Even male Muslim celebrities aren’t immune to such treatments. Some high profile instances include Shah Rukh Khan, the famous Bollywood actor who was detained three times in seven years while travelling to the United States, and Muhammad Ali Jr., the famed boxer’s son who was stopped by customs officers at Fort Lauderdale-Hollywood International Airport.

Although I do not wear the hijab, I myself was nervous going through the airport customs of Paris’ Charles de Gaulle Airport and Los Angeles International Airpor. This is because my father’s name bore the name of the Prophet which was printed on my passport. Also, I was travelling either alone or with just my sister when passing through these airports. But I do feel travelling in groups makes a difference as you’re more likely to be perceived as a vacationing family. 

Image credit: Sara Amira

Unfortunately, I can’t say the same about some of my other hijabi friends. Even if they passed through customs with or without “dehijabing”, they still encountered some hiccups in the process:

“I was actually held back at customs and was “interviewed” before I could enter the US. I was worried about my safety around town and the neighbourhood so didn’t wear my hijab at first.” Nurul who went for a university student exchange programme in Washington, United States

hijabi traveller
Image credit: Sharifah Nur Afiqah

“Even when I didn’t wear my scarf, my passport picture was one in which I was donning my hijab, and even that rendered longer checks for only myself at border security and double and triple scrutiny at airports.” Lidia Syahindah who went for a university student exchange programme in Leiden, the Netherlands

“There’s often some sort of extra step I have to go through at customs because of my name or Muslim identity. Every single time I travelled to Australia, I couldn’t go through automated clearance like other Singaporeans. I always had to go through the traditional customs clearance at the counters with officers.” Sharifah Nur Afiqah who studied abroad in Melbourne, Australia

For the safety of others

hijabi safety for others

With an increase in the frequency of hate crimes or harassment over the years, it is not difficult to see why Muslim women are considering to “dehijab” abroad. This dilemma is especially significant when travelling with non-Muslims. When travelling with other Muslims, I’m sure that most of us can agree that we feel more at ease as there’s “safety in numbers”. Things are different when we embark on an overseas adventure with our non-Muslim friends.

hijabi friends diversity

As a non-hijabi, I already felt a little worried when travelling with my non-Muslim friends during my university student exchange programme. I was concerned with sullying my friends’ exchange experience if racists hurl unsavoury comments towards me. I simply couldn’t fathom the amount of worry my hijabi friends must have while travelling with their non-Muslim friends.
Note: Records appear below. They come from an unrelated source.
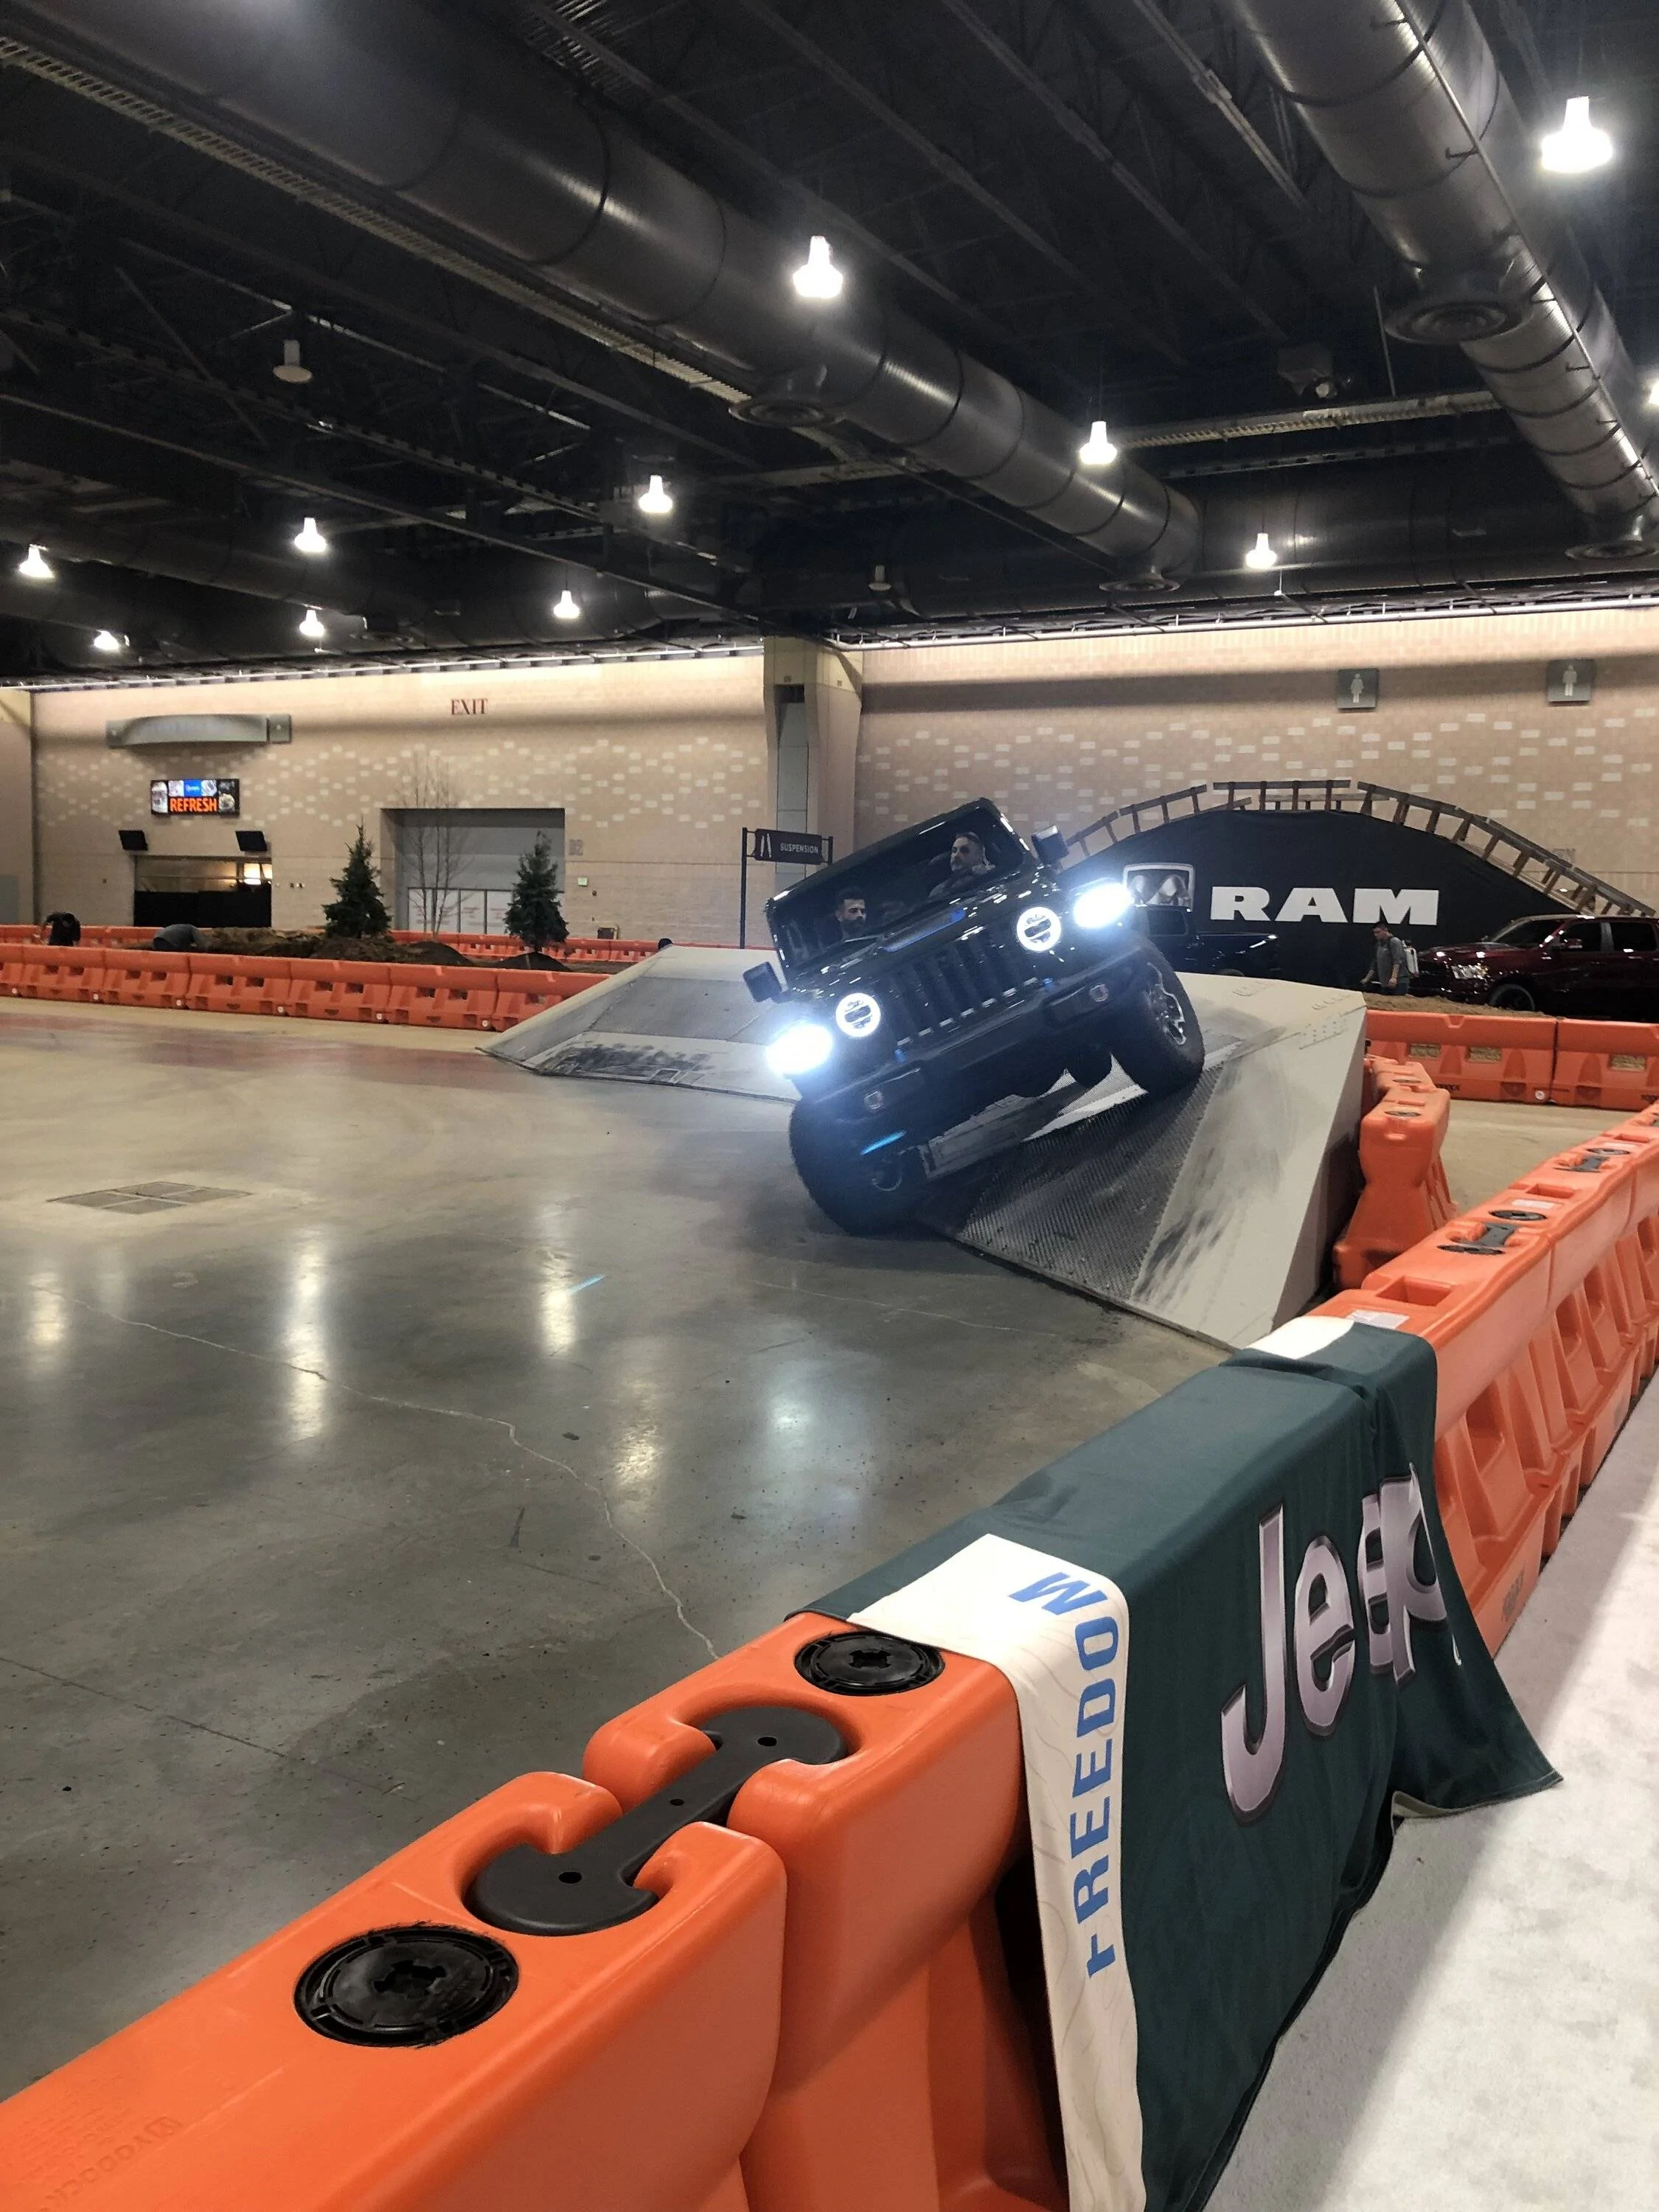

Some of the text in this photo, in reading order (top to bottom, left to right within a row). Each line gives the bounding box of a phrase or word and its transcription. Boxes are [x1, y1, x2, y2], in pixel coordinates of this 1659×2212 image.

[450, 698, 489, 715] EXIT
[170, 798, 218, 812] REFRESH
[780, 843, 818, 854] SUSPENSION
[1210, 886, 1439, 925] RAM
[1007, 1571, 1119, 1978] FREEDOM
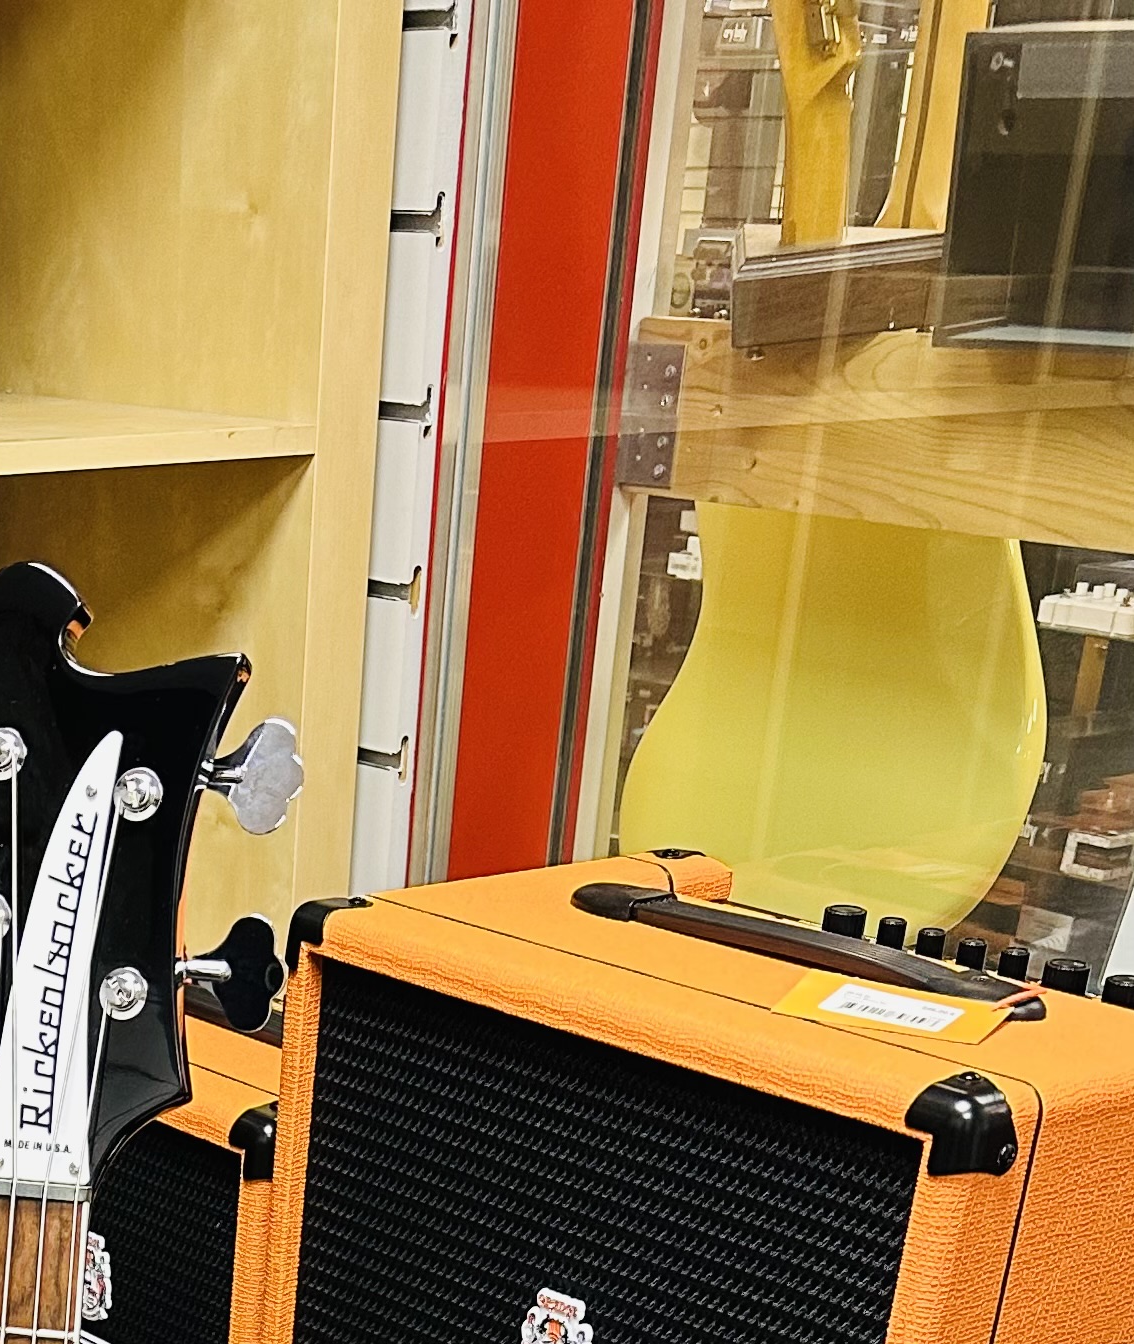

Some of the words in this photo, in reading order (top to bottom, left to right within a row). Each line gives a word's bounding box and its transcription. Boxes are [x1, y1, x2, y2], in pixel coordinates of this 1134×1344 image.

[19, 811, 99, 1135] Rickenbacker
[3, 1138, 31, 1151] MDE
[33, 1141, 43, 1151] IN
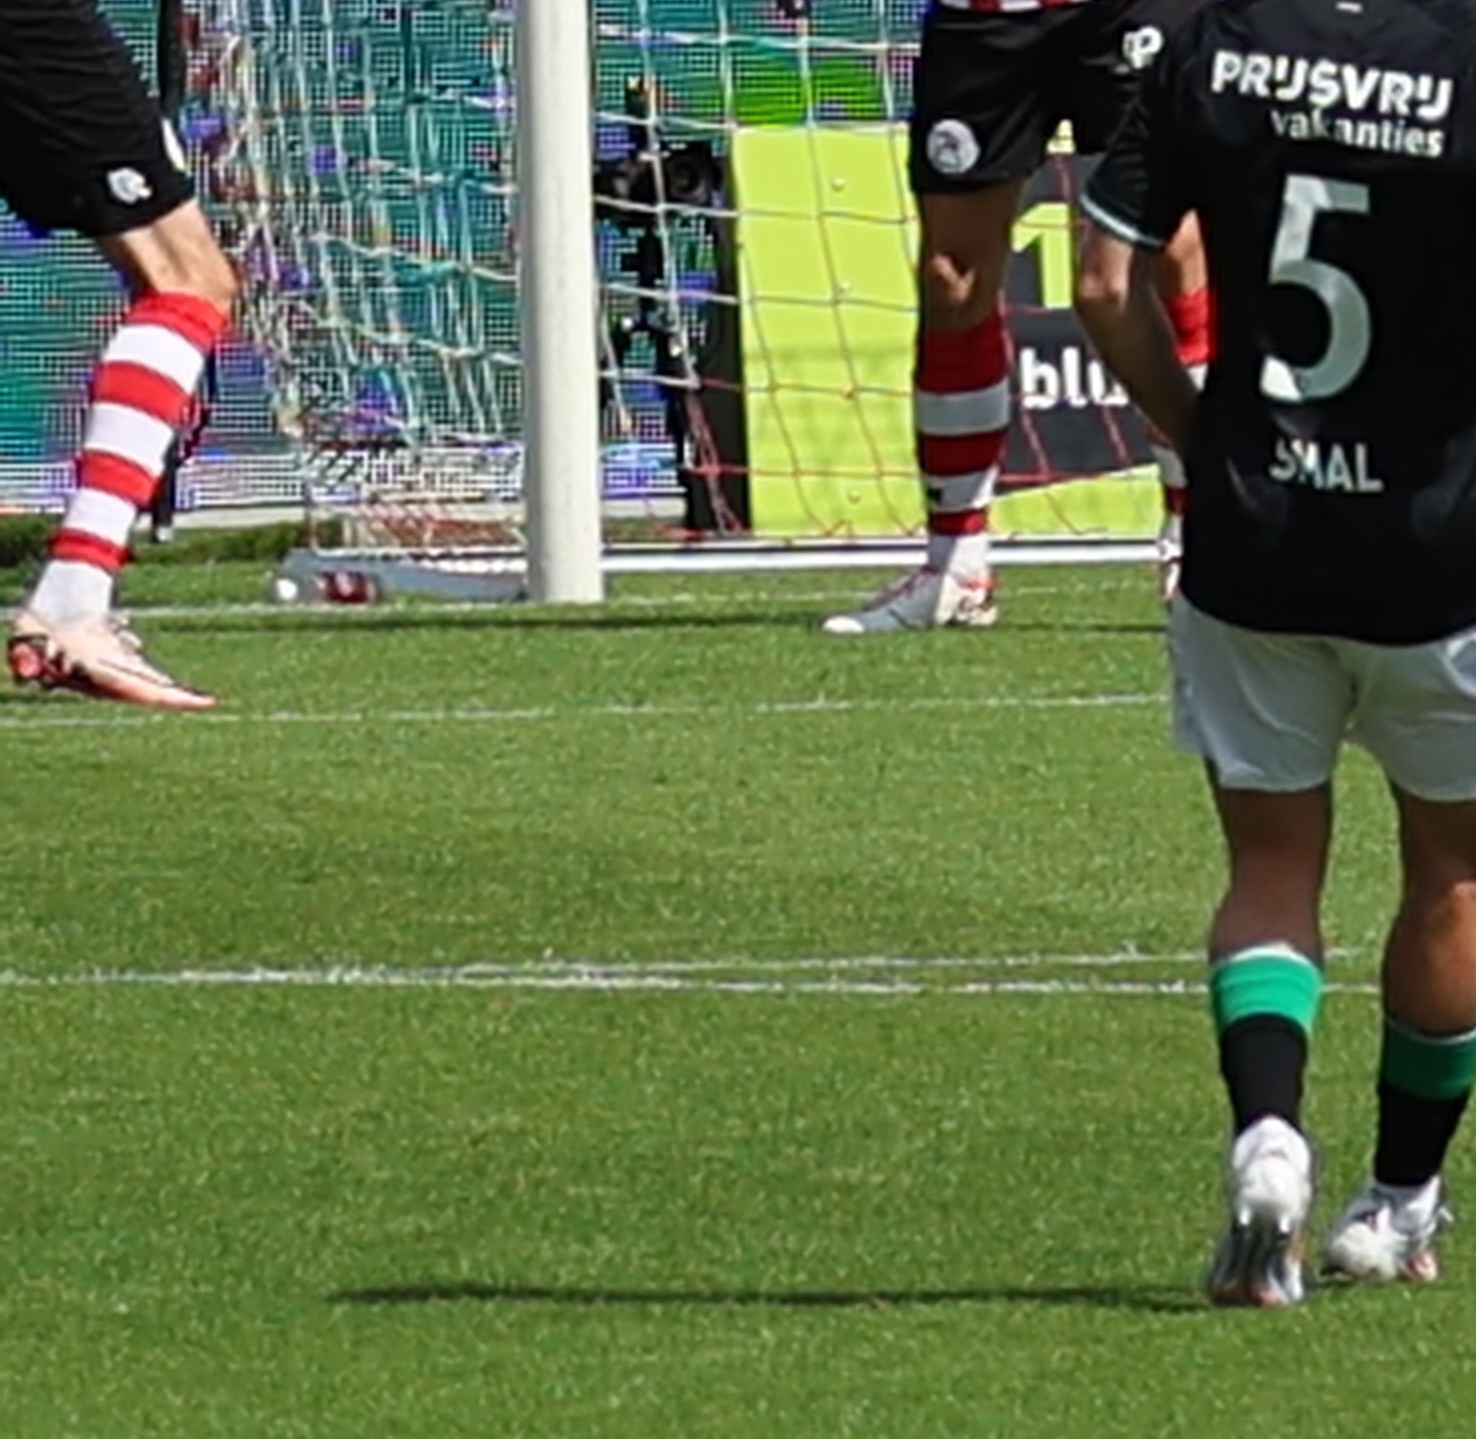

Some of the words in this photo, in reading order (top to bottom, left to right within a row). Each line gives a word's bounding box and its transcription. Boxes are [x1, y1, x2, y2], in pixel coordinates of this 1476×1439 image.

[1211, 50, 1453, 120] PRIJSVRIJ
[1271, 109, 1443, 157] vakanties
[1259, 173, 1371, 401] 5
[1270, 440, 1384, 491] SMAL
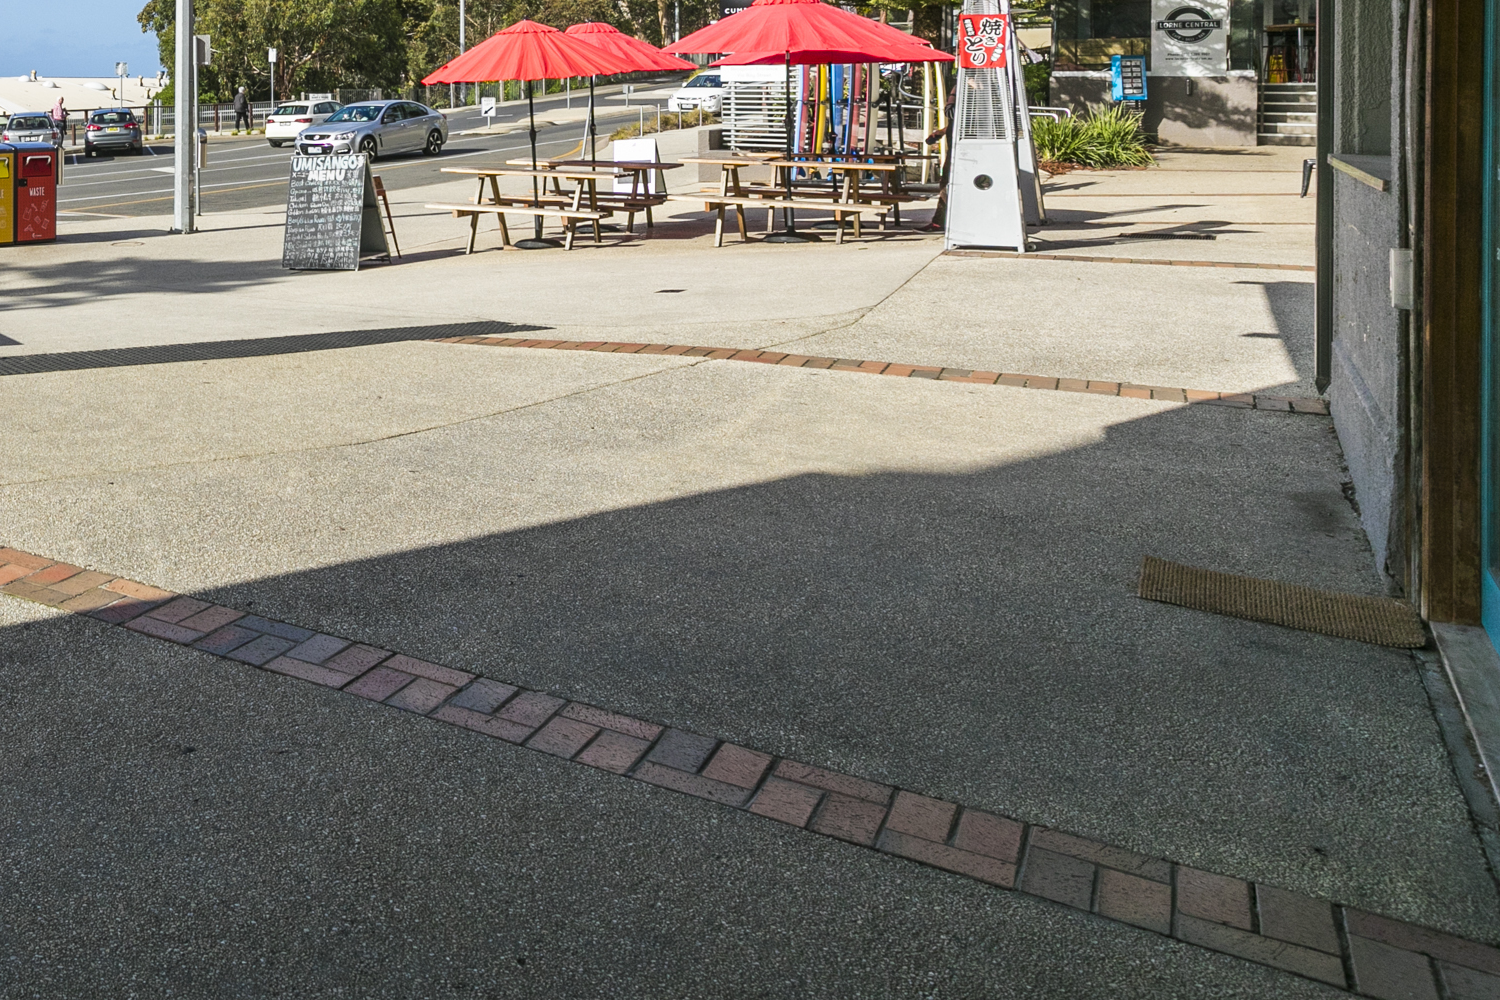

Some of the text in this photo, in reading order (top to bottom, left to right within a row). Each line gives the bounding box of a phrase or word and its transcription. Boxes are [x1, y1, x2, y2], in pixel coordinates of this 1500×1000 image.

[293, 156, 357, 171] UMISANGO
[308, 169, 346, 181] MENU
[29, 187, 45, 196] WASTE
“I decided to take off my scarf during part of my exchange for the comfort and safety of the friends I was travelling with. When we travel with other hijabis or our Muslim family members, we feel little to no discomfort because we feel protected knowing we have “strength in numbers”. However, this time, I was travelling with a group of all Chinese friends. I did not want my friends who were already travelling so far away from home alone to have to worry about unwanted attention, scrutiny or harassment.” Lidia Syahindah who went for a university student exchange programme in Leiden, the Netherlands

“I wanted to blend in as much as possible.”

hijabi blending in
Image credit: Artform Canada

Besides the physical and verbal harassment that land most hijabi travellers in the “dehijabing” dilemma, more subtle forms of aggravation also do play a part in the decision-making process. With Muslims being a minority in most parts of the world and rampant issues of Islamophobia, many hijabis are susceptible to countless disapproving glances from non-Muslims.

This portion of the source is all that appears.